Jancso (pronounced “Yancho”) specialised in historical subjects, ranging from the Kossuth rebellion of 1848 to the communists' rise to power in Hungary a century later. For Italian television, he ventured into aspects of ancient Roman history, though these projects were less successful.

His fame rested less on the content of his films than on their idiosyncratic treatment. He spun variations on a small number of recurring themes and images: horses snorting and galloping on the great Hungarian plain (the puszta), soldiers marching in formation, naked women dancing with scarlet ribbons, horsemen cracking whips and burning hay ricks.

He filmed these scenes with a constantly prowling camera, the characters weaving in and out of the frame while the camera itself performed intricate arabesques. He pushed the long take to its limits, as Hitchcock had done in Rope and the Greek director Theo Angelopoulos, imitating, would do later.
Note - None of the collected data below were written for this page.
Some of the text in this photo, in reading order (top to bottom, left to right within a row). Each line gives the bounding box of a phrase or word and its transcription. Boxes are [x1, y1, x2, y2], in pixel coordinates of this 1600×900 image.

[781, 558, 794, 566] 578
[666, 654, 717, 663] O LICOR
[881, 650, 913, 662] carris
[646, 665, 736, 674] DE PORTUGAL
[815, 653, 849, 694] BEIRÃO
One Jancso film consisted of only 12 shots, changes of angle and perspective being achieved through the moving camera. This technique required extensive rehearsals with cameraman and actors, though the players were spared the need to be word perfect - during the shot, they mouthed the lines, which were dubbed in later.

Critics and audiences were at first spellbound by this approach. When Jancso experimented with colour and widescreen in such works as The Confrontation (1969), it was as if he had discovered a new way of making films that rendered others obsolete. Yet his very originality contained the seeds of future doubts and reservations.
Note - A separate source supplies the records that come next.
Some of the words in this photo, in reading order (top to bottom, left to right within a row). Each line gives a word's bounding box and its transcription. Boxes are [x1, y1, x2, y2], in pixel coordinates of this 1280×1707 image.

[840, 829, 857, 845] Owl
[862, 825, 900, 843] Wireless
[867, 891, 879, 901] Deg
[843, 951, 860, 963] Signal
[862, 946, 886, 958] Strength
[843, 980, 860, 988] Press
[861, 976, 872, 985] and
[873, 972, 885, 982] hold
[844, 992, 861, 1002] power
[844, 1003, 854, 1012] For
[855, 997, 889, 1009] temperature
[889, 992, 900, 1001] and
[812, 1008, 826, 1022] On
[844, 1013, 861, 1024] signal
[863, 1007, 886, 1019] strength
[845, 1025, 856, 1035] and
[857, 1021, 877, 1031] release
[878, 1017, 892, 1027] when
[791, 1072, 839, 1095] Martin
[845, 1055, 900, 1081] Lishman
As Jancso used this technique again and again, questions were increasingly raised about the content of his work. His scripts, usually written by Gyula Hernadi, were found to be too abstract, the characters mere symbols on which to hang Jancso's preoccupations and visual obsessions.

While The Round-Up (1965), the film that brought him international renown, was a powerful drama with characters with whom audiences could identify, later works such as Agnus Dei (1970) and Red Psalm (1972) were almost entirely allegorical. However ravishing to look at, they barely communicated at a human level.

The backlash against Jancso focused particularly on a film about Attila the Hun which he made for Italian television in 1971. Called Technique and Rite, it seemed in its very title to underline the ritualistic, virtuoso aspects of his work which many had come to consider its principal limitation.

Jancso's style could not be sustained for long. Theo Angelopoulos, the director most conspicuously in his debt, was able in the 1980s and 1990s to modify it and take it in new directions, which Jancso proved unable to do. He failed to find new themes and techniques, and his later work was little seen outside Hungary. It was a sad end, for in his prime he achieved what all artists strive for - a perfect fusion of form and content.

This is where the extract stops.